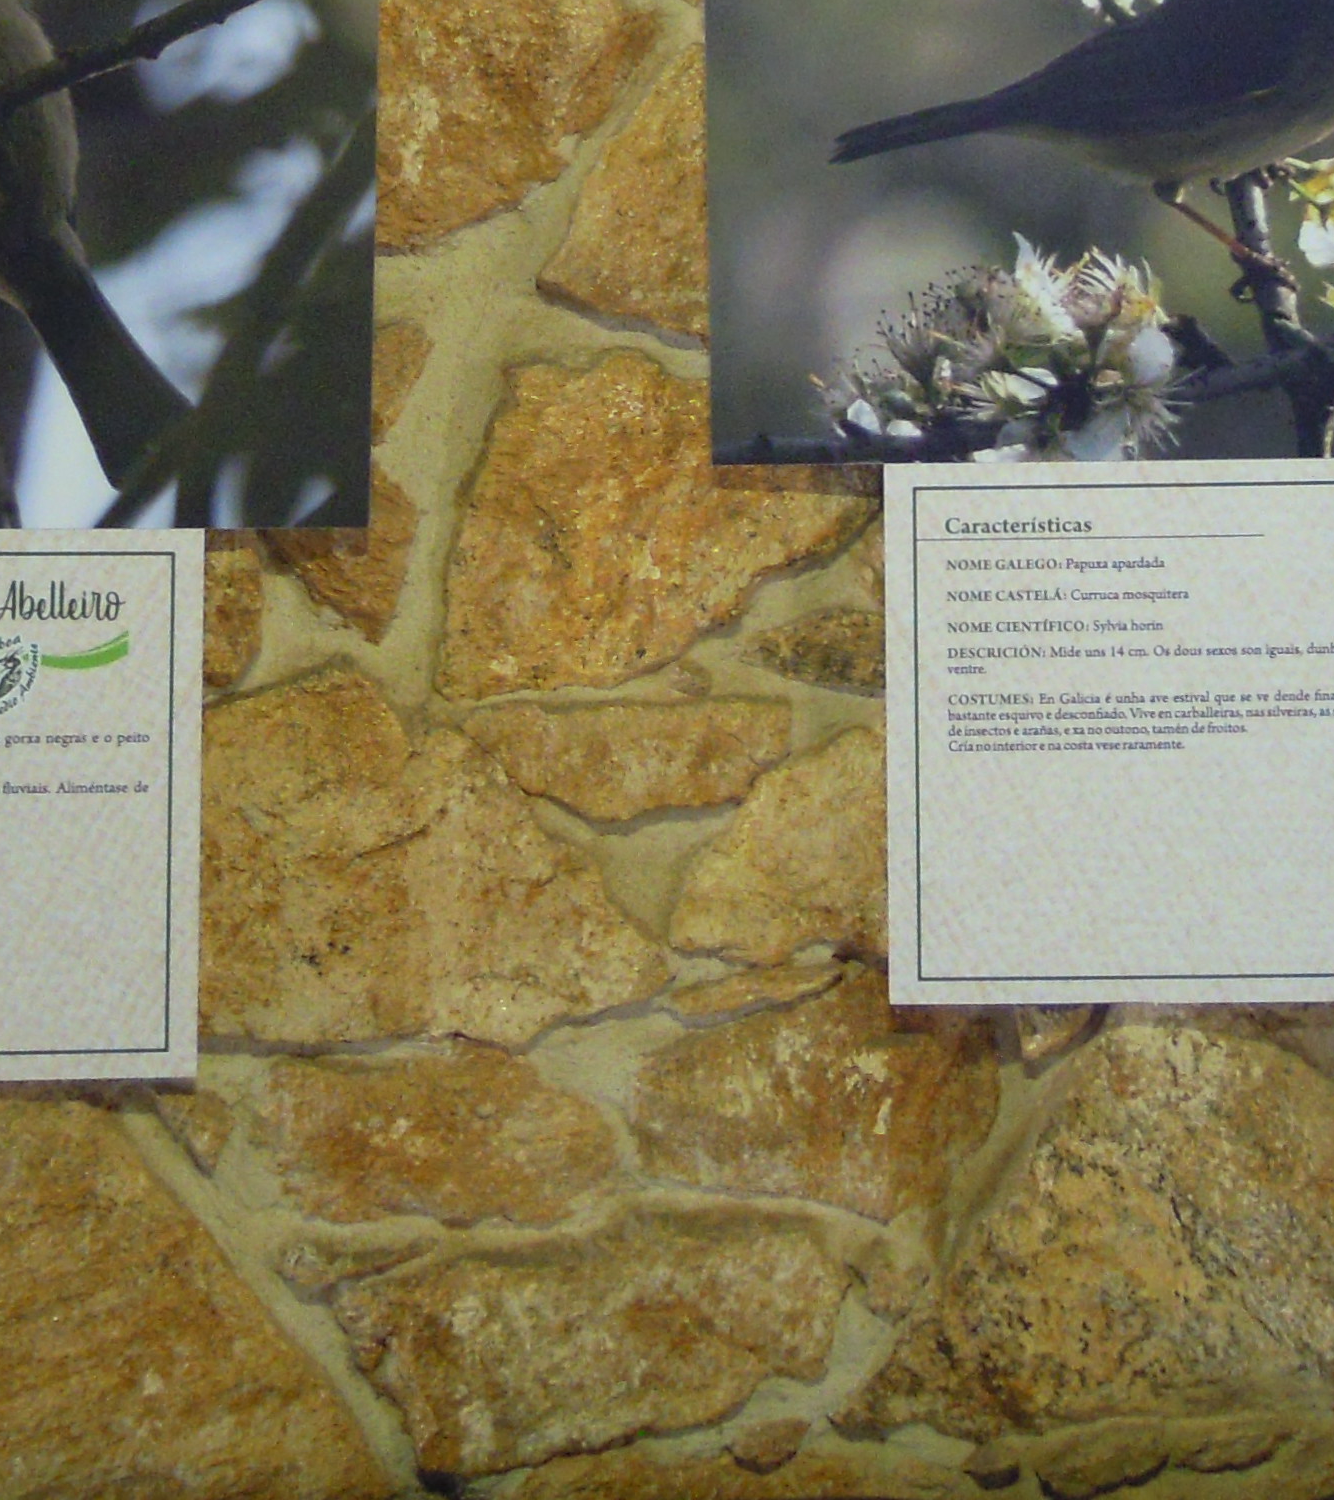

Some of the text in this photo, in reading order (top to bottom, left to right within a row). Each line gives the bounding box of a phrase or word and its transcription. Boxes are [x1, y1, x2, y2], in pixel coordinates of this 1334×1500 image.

[944, 517, 1092, 534] Características
[946, 555, 1165, 573] NOME GALEGO: Papuxa apardada
[947, 587, 1189, 603] NOME CASTELÁ: Curruca mosquitera
[947, 621, 992, 634] NOME
[996, 618, 1089, 633] CIENTÍFICO:
[1093, 619, 1128, 634] Sylvia
[947, 646, 1046, 660] DESCRICIÓN:
[1050, 645, 1080, 659] Mide
[1085, 648, 1106, 658] uns
[1110, 645, 1124, 658] 14
[1152, 644, 1170, 657] Os
[1174, 644, 1202, 657] dous
[1206, 647, 1238, 657] sexos
[1242, 646, 1262, 656] son
[948, 693, 1034, 706] COSTUMES:
[1039, 692, 1055, 705] En
[1059, 691, 1101, 705] Galicia
[1115, 691, 1145, 704] unha
[1149, 694, 1169, 704] ave
[1173, 690, 1210, 704] estival
[1214, 694, 1236, 706] que
[1240, 693, 1252, 703] se
[1256, 693, 1269, 703] ve
[1273, 689, 1310, 702] dende
[948, 708, 996, 722] bastante
[998, 711, 1044, 725] esquivo
[1131, 707, 1156, 720] Vive
[1158, 710, 1172, 720] en
[1245, 709, 1265, 718] nas
[1319, 707, 1331, 717] as
[948, 724, 963, 737] de
[964, 726, 1011, 737] insectos
[1071, 726, 1085, 736] xa
[1087, 726, 1103, 736] no
[1191, 721, 1206, 735] de
[5, 734, 41, 748] gorxa
[46, 734, 87, 747] negras
[117, 733, 150, 747] peito
[975, 742, 990, 752] no
[991, 741, 1038, 752] interior
[1047, 742, 1062, 752] na
[1064, 740, 1093, 751] costa
[1095, 741, 1121, 751] vese
[133, 780, 149, 794] de
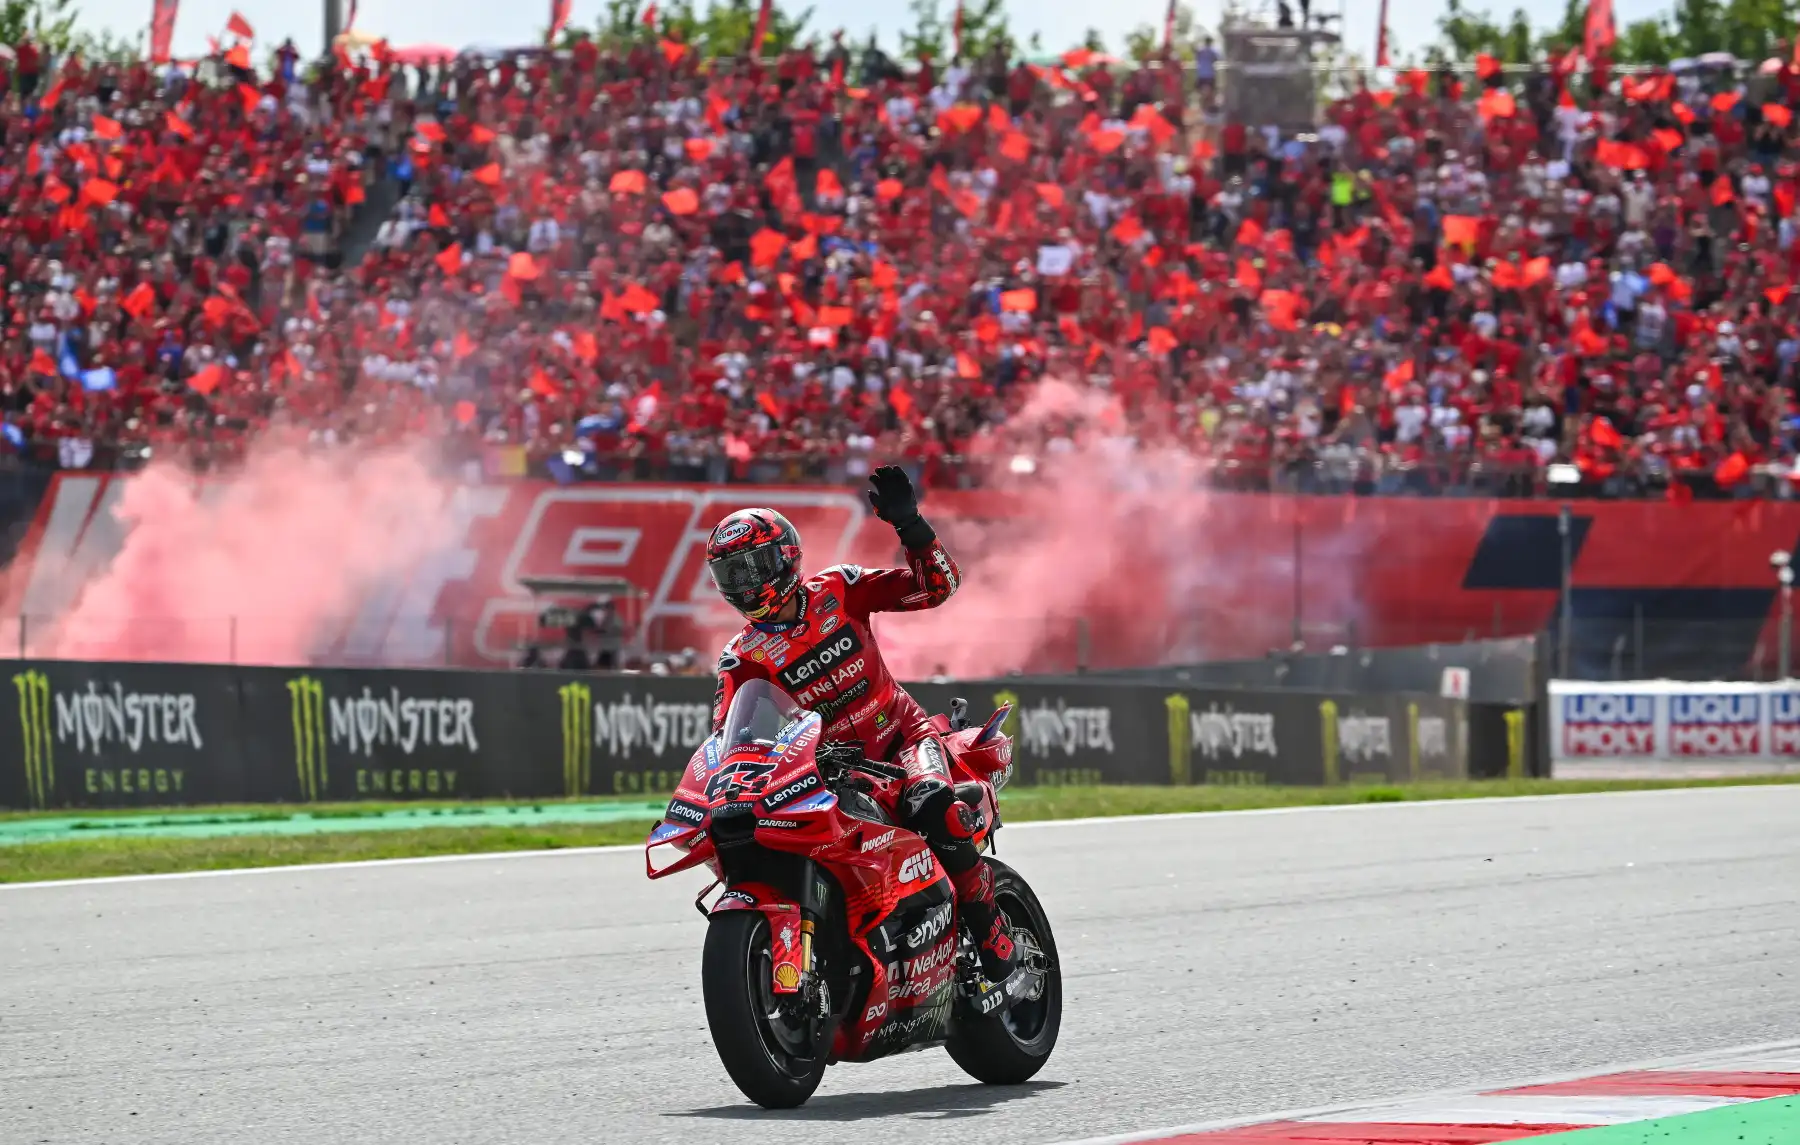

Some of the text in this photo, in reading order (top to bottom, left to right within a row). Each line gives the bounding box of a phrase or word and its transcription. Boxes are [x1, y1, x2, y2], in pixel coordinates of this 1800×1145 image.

[717, 525, 748, 541] SUOMY
[780, 574, 799, 597] Lenovo
[798, 595, 807, 620] Lenovo
[774, 624, 787, 632] TIM
[784, 637, 853, 686] Lenovo
[812, 658, 865, 697] NetApp
[54, 679, 203, 756] MONSTER
[1565, 694, 1653, 721] LIQUI
[1671, 694, 1758, 721] LIQUI
[328, 685, 480, 758] MONSTER
[593, 691, 712, 760] MONSTER
[1566, 724, 1652, 753] MOLY
[1672, 724, 1758, 753] MOLY
[84, 768, 185, 793] ENERGY
[355, 768, 457, 793] ENERGY
[612, 769, 682, 794] ENER
[764, 776, 818, 808] Lenovo
[669, 801, 705, 823] Lenovo
[758, 819, 797, 828] CARRERA
[662, 828, 680, 839] TIM
[861, 829, 896, 854] DUCATI
[898, 847, 934, 884] GIVI
[879, 903, 953, 953] Lenovo
[911, 936, 955, 979] NetApp

What is required: Once you reach the line containing "this 1800×1145 image.", transcribe it and each line after it through the end of the material, exactly and with nothing added.

Response:
Some of the text in this photo, in reading order (top to bottom, left to right within a row). Each line gives the bounding box of a phrase or word and its transcription. Boxes are [x1, y1, x2, y2], in pixel coordinates of this 1800×1145 image.

[717, 525, 748, 541] SUOMY
[780, 574, 799, 597] Lenovo
[798, 595, 807, 620] Lenovo
[774, 624, 787, 632] TIM
[784, 637, 853, 686] Lenovo
[812, 658, 865, 697] NetApp
[54, 679, 203, 756] MONSTER
[1565, 694, 1653, 721] LIQUI
[1671, 694, 1758, 721] LIQUI
[328, 685, 480, 758] MONSTER
[593, 691, 712, 760] MONSTER
[1566, 724, 1652, 753] MOLY
[1672, 724, 1758, 753] MOLY
[84, 768, 185, 793] ENERGY
[355, 768, 457, 793] ENERGY
[612, 769, 682, 794] ENER
[764, 776, 818, 808] Lenovo
[669, 801, 705, 823] Lenovo
[758, 819, 797, 828] CARRERA
[662, 828, 680, 839] TIM
[861, 829, 896, 854] DUCATI
[898, 847, 934, 884] GIVI
[879, 903, 953, 953] Lenovo
[911, 936, 955, 979] NetApp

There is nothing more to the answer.